= Frisco Station, Texas =

Frisco Station is a 242-acre mixed-use development located in the northwest quadrant of the Dallas North Tollway and Warren Parkway in Frisco, Texas.

== History ==
Frisco Station is one of the primary projects that make up Frisco's “$5 Billion Mile,” a name given by the Frisco Economic Development Corp to the one-mile stretch along the Dallas North Tollway that includes four mixed-use developments totaling more than $5 billion in capital investment. It is being developed by Frisco Station Partners.

=== The Hub ===
The development includes office, residential, retail, restaurant and medical space. Frisco Station will include a medical and wellness campus, a regional hub for fitness, retail, luxury restaurants, outdoor spaces for community programming and hiking and biking trails. Development will be centered around a 200,000 square-foot shopping and entertainment district known as "The Hub". The Hub also includes a hotel campus consisting of four hotel brands with over 600 total rooms.

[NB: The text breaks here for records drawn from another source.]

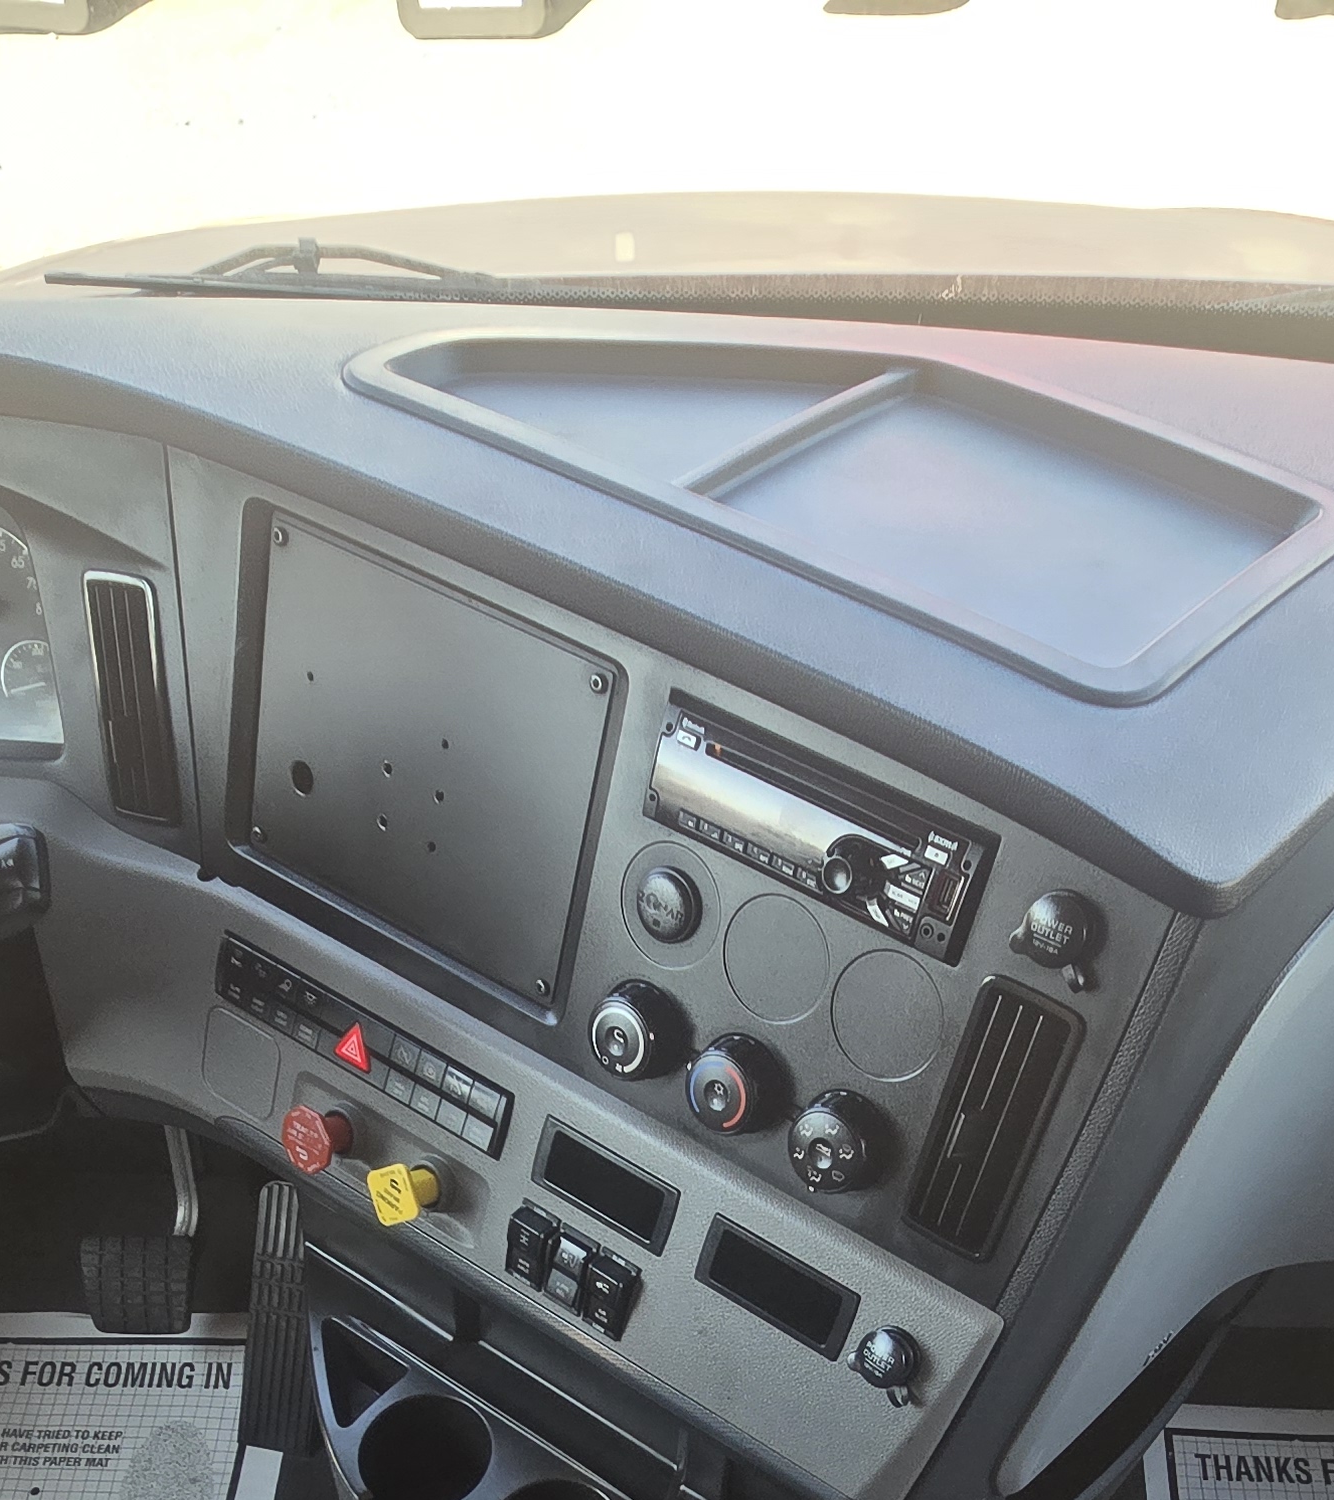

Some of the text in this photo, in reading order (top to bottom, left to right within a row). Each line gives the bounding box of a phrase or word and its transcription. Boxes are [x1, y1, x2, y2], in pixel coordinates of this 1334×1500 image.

[11, 556, 25, 568] 65
[1030, 922, 1070, 945] OUTLET
[862, 1348, 892, 1372] OUTLET
[19, 1360, 77, 1387] FOR
[85, 1361, 195, 1389] COMING
[203, 1362, 233, 1389] IN
[1, 1428, 34, 1439] HAVE
[36, 1429, 71, 1440] TRIED
[74, 1429, 90, 1440] TO
[92, 1430, 123, 1441] KEEP
[11, 1441, 78, 1453] CARPETING
[82, 1444, 120, 1454] CLEAN
[11, 1455, 40, 1466] THIS
[42, 1456, 81, 1467] PAPER
[85, 1457, 111, 1468] MAT
[1194, 1453, 1313, 1485] THANKS
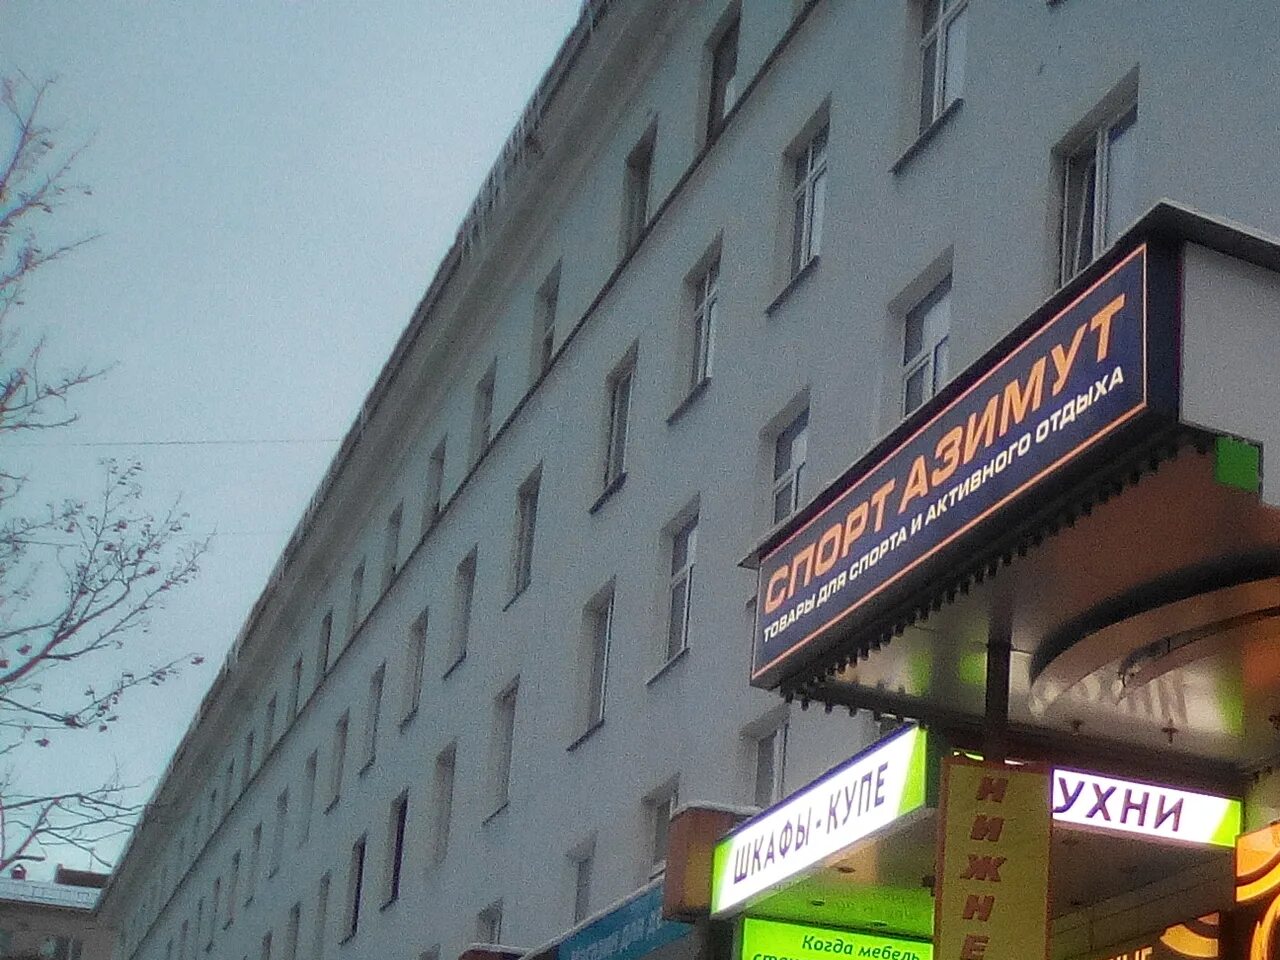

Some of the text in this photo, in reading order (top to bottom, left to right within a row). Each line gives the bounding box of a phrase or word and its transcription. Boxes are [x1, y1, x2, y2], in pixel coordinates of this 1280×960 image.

[763, 293, 1126, 614] СПОРТ АЗИМУТ
[763, 365, 1125, 643] ТОВАРЫ ДЛЯ СПОРТА И АКТИВНОГО ОТДЫХА
[802, 934, 853, 957] Когда
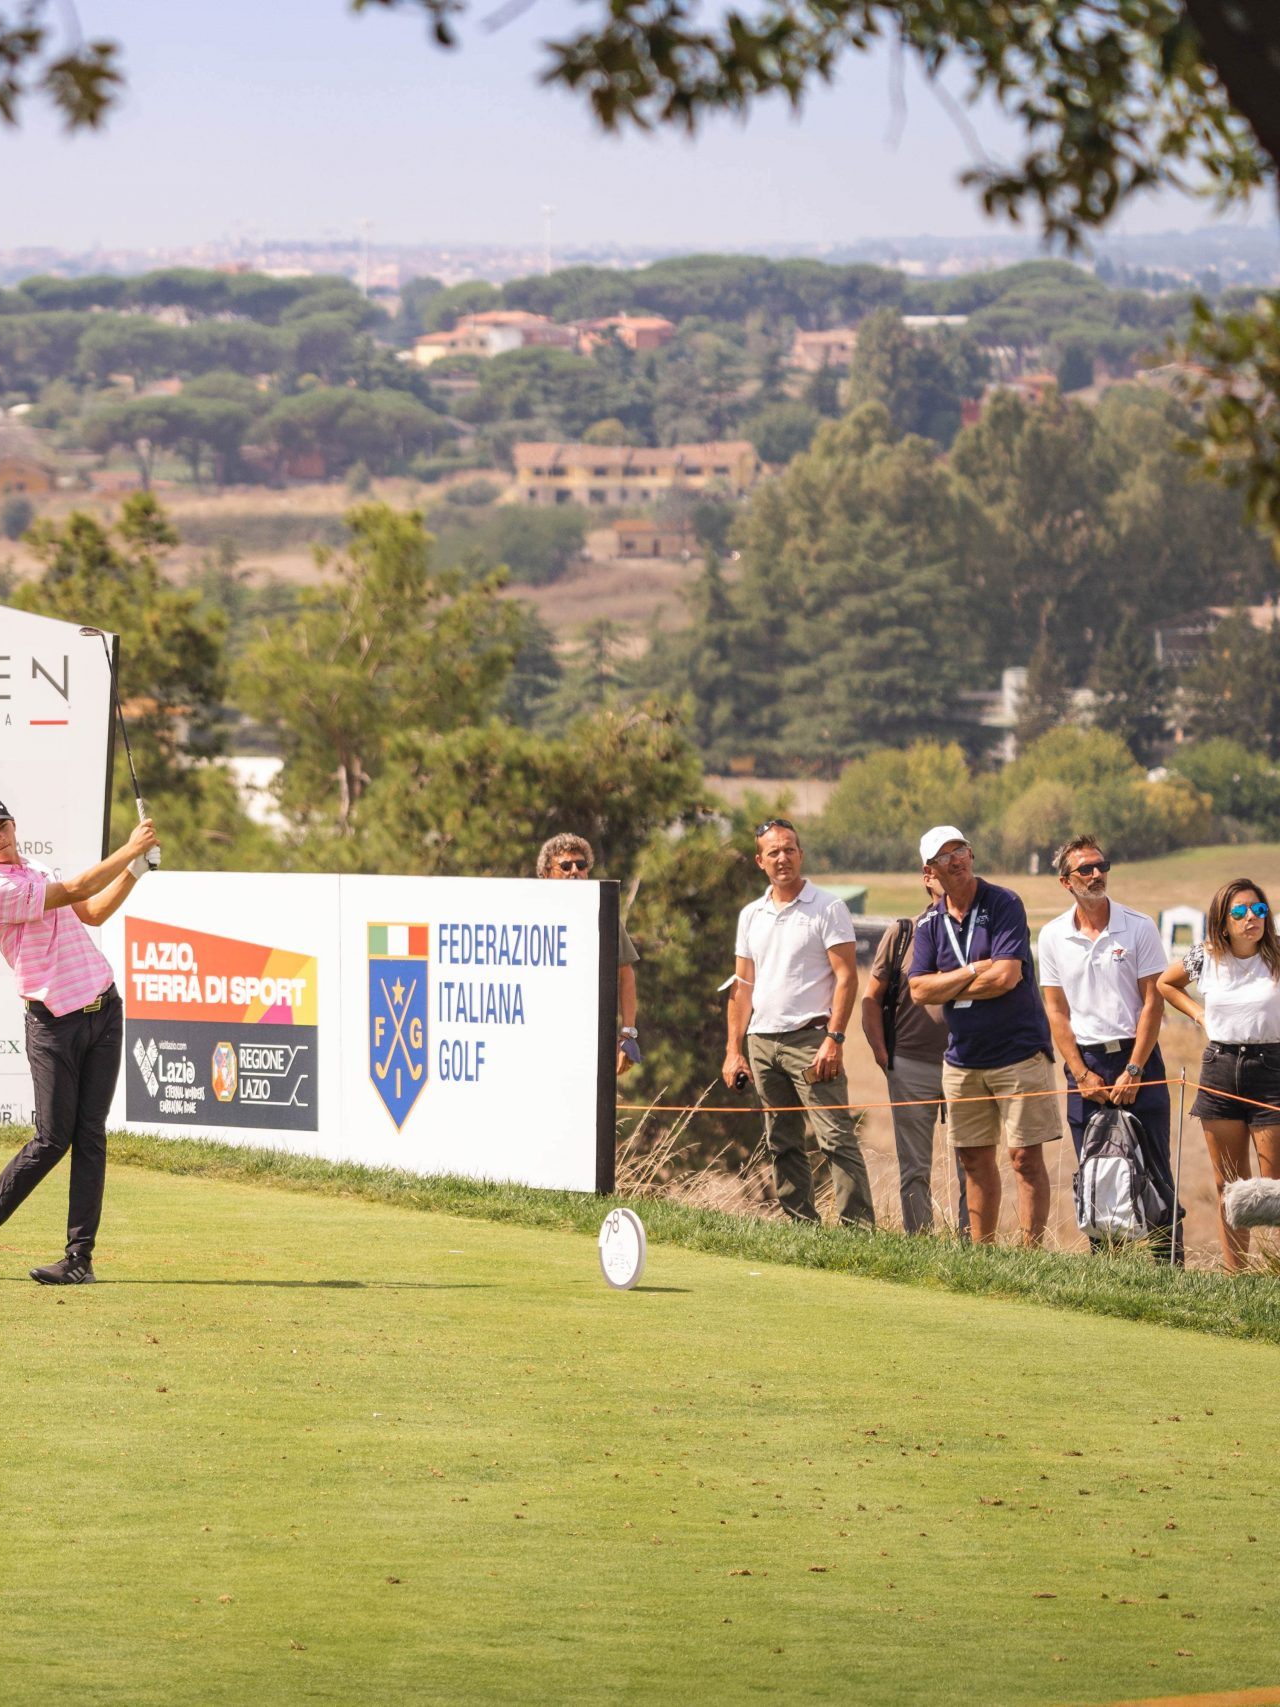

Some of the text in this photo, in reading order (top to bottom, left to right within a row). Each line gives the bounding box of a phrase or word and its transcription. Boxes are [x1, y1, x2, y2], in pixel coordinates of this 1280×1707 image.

[16, 841, 53, 854] ARDS
[132, 942, 198, 974] LAZIO,
[439, 923, 567, 967] FEDERAZIONE
[132, 974, 307, 1007] TERRA DI SPORT
[439, 981, 525, 1025] ITALIANA
[375, 1017, 386, 1047] F
[409, 1017, 423, 1049] G
[240, 1049, 284, 1070] REGIONE
[439, 1039, 485, 1082] GOLF
[240, 1079, 270, 1100] LAZIO
[606, 1211, 619, 1244] 78

The Hub includes over 5 million square feet of office space, including mid-rise buildings and corporate campuses, and is projected to employ more than 15,000 people. In May 2016, the Frisco Station Partnership announced plans to begin the first phase of development with a seven-story, 228,000-square-foot office building that will include a fitness center and conference facilities. There is also a luxury 16-story hotel, located next to the Ford Center.

===Ford Center===
The stadium serves as the new Dallas Cowboys training facility, which is located next door the Cowboys’ headquarters at the Star in Frisco.